>>>>

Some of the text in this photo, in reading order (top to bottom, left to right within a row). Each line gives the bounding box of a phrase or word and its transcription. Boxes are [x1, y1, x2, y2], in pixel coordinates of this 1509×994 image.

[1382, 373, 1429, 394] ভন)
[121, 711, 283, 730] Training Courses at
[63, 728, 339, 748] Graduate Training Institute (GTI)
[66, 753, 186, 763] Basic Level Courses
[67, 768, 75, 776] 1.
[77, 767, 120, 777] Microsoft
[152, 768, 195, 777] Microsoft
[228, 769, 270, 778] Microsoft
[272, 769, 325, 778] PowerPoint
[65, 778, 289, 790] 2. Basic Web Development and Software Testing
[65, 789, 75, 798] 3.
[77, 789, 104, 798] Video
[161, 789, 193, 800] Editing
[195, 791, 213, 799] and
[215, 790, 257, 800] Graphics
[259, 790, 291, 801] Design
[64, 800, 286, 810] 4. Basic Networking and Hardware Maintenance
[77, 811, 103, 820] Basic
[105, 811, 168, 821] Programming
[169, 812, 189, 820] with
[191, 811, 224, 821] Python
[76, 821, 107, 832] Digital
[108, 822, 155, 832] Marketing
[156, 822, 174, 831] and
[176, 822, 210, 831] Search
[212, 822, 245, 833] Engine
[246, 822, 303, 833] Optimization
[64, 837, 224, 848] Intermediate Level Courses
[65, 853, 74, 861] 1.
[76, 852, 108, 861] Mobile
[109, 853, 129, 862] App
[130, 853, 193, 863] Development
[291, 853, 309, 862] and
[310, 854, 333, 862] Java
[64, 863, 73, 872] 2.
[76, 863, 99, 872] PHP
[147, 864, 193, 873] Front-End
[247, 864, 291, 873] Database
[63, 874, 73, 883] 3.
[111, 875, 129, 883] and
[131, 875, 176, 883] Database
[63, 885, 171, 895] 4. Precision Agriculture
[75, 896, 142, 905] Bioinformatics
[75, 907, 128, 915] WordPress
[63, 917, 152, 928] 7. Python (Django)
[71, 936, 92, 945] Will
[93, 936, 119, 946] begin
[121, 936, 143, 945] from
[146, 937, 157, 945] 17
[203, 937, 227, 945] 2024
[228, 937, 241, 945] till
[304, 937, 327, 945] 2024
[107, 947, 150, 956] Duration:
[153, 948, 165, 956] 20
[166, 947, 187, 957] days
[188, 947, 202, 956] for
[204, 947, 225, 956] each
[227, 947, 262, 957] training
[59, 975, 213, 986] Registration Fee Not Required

<<<<

Locate all lines in the listing above with the word "Microsoft". Copy them.

[77, 767, 120, 777] Microsoft
[152, 768, 195, 777] Microsoft
[228, 769, 270, 778] Microsoft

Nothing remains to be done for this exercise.